_WHAT NEEDS TO BE DONE_.
Restate all entries exactly.

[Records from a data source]
○ ○ ○ ○

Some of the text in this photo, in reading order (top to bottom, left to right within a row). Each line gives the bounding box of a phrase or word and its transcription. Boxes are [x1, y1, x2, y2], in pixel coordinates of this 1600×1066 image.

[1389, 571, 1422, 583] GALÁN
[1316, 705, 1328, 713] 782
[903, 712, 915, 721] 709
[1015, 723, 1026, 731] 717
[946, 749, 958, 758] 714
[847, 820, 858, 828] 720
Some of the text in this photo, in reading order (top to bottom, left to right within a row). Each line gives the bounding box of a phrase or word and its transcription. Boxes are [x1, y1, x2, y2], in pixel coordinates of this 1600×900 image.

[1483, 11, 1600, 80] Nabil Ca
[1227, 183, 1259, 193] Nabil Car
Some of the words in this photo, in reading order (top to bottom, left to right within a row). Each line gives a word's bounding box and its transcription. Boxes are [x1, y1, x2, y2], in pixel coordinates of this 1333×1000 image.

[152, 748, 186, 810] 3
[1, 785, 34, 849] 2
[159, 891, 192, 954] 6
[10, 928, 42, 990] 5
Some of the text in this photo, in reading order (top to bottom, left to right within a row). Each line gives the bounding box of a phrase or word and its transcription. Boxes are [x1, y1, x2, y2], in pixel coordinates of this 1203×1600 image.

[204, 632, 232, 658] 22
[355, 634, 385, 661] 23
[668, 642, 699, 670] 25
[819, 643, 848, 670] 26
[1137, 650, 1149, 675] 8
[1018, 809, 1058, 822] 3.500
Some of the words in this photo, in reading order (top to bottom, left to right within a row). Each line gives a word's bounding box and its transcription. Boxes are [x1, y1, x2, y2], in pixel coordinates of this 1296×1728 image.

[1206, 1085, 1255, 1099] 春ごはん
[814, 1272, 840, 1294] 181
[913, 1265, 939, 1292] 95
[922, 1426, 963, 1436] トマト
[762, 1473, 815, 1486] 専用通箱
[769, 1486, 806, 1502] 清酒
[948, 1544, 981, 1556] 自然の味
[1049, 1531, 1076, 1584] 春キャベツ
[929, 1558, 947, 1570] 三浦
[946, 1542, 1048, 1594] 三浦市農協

○ ○ ○ ○

_REPLY TO THE TASK_.
Some of the text in this photo, in reading order (top to bottom, left to right within a row). Each line gives the bounding box of a phrase or word and its transcription. Boxes are [x1, y1, x2, y2], in pixel coordinates of this 1600×1066 image.

[1389, 571, 1422, 583] GALÁN
[1316, 705, 1328, 713] 782
[903, 712, 915, 721] 709
[1015, 723, 1026, 731] 717
[946, 749, 958, 758] 714
[847, 820, 858, 828] 720
Some of the text in this photo, in reading order (top to bottom, left to right within a row). Each line gives the bounding box of a phrase or word and its transcription. Boxes are [x1, y1, x2, y2], in pixel coordinates of this 1600×900 image.

[1483, 11, 1600, 80] Nabil Ca
[1227, 183, 1259, 193] Nabil Car
Some of the words in this photo, in reading order (top to bottom, left to right within a row). Each line gives a word's bounding box and its transcription. Boxes are [x1, y1, x2, y2], in pixel coordinates of this 1333×1000 image.

[152, 748, 186, 810] 3
[1, 785, 34, 849] 2
[159, 891, 192, 954] 6
[10, 928, 42, 990] 5
Some of the text in this photo, in reading order (top to bottom, left to right within a row). Each line gives the bounding box of a phrase or word and its transcription. Boxes are [x1, y1, x2, y2], in pixel coordinates of this 1203×1600 image.

[204, 632, 232, 658] 22
[355, 634, 385, 661] 23
[668, 642, 699, 670] 25
[819, 643, 848, 670] 26
[1137, 650, 1149, 675] 8
[1018, 809, 1058, 822] 3.500
Some of the words in this photo, in reading order (top to bottom, left to right within a row). Each line gives a word's bounding box and its transcription. Boxes are [x1, y1, x2, y2], in pixel coordinates of this 1296×1728 image.

[1206, 1085, 1255, 1099] 春ごはん
[814, 1272, 840, 1294] 181
[913, 1265, 939, 1292] 95
[922, 1426, 963, 1436] トマト
[762, 1473, 815, 1486] 専用通箱
[769, 1486, 806, 1502] 清酒
[948, 1544, 981, 1556] 自然の味
[1049, 1531, 1076, 1584] 春キャベツ
[929, 1558, 947, 1570] 三浦
[946, 1542, 1048, 1594] 三浦市農協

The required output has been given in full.